When Kelly Cordes moved to Montana in 1992, the mountains carved the shape of his life. He discovered his passion for long alpine routes, soloing and teaming up with climbers who shared his enthusiasm.
“It was something that people damn near whispered about,” says Kelly, who first heard of Mt. Siyeh in the early ’90s. “It had this huge mystique and reputation about it.” Swaths of gray limestone he had never seen, besides in photos, lay dormant in his head, a thing of dreams in the realm of the impossible.
During the summer of 2008, now living in Estes Park, Colorado, Kelly devoted his efforts to cragging and improving his rock technique. In part, the routine was training for future objectives on his endless dream tick-list. But even when he road-tripped to Montana, Kelly’s long-wrought fear of Siyeh kept thoughts of the north wall from his mind.
Once he and Justin Woods were on route, however, some of his trepidation vanished. In a twist of irony, fifteen years of fear—and the exuberance that had guided him in the mountains since—had prepared him for the challenge. In his mind, he had built a monster that, in reality, was a place to recapture resolution.
In writing “Symphony in Siyeh” for Alpinist, Kelly discovered the paradox of the self. He recognized the need for each climber and non-climber to develop passion by pursuing self-gratification. Yet, at least for Kelly, that pursuit left him questioning at times.
“This need to continually up my level of adventure bears similarity to the rat-race real world stuff I dislike,” he says. “You know, ‘progress’ always. It’s like a constant discontentedness that surely relates to what Voytek Kurtyka has called ‘spiritual materialism’ in the need to ‘possess’ mountains.”
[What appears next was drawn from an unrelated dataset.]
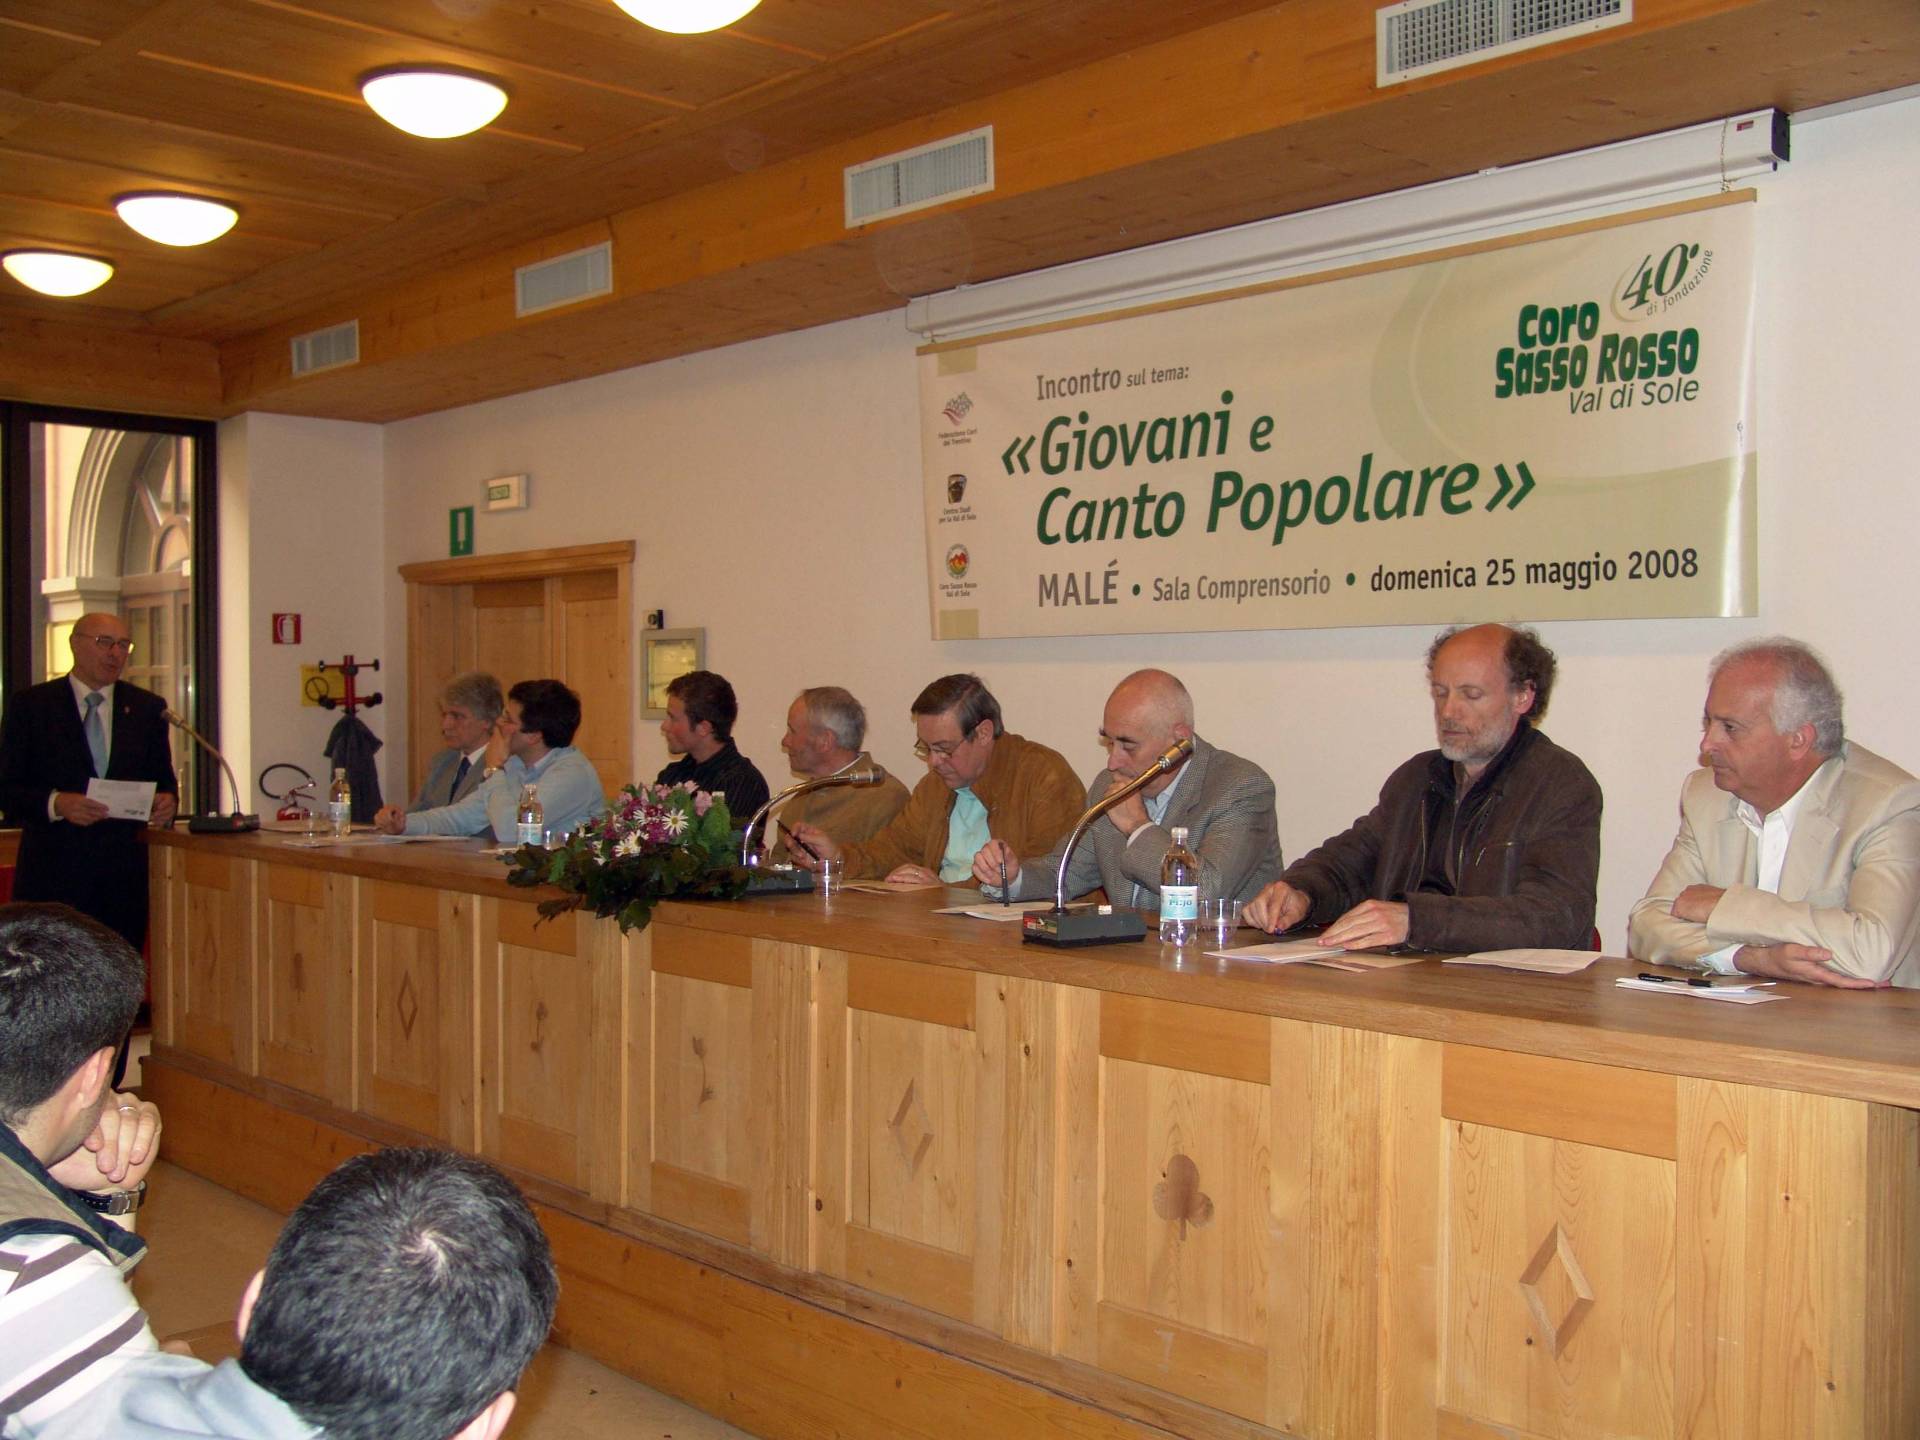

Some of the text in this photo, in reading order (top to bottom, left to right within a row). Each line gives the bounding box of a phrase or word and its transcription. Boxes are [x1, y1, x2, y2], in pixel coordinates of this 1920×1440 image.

For Kelly, climbing Siyeh’s north face held meaning because it was something he had feared so long. It was memorable climb, not just because he had overcome an arcane fear, but also because such an experience offered a way “to tap into something rarely found within one’s self in everyday life,” he says. “A true ‘master of life’ can find that by staring at a sunflower or whatever—I’m not quite there yet.”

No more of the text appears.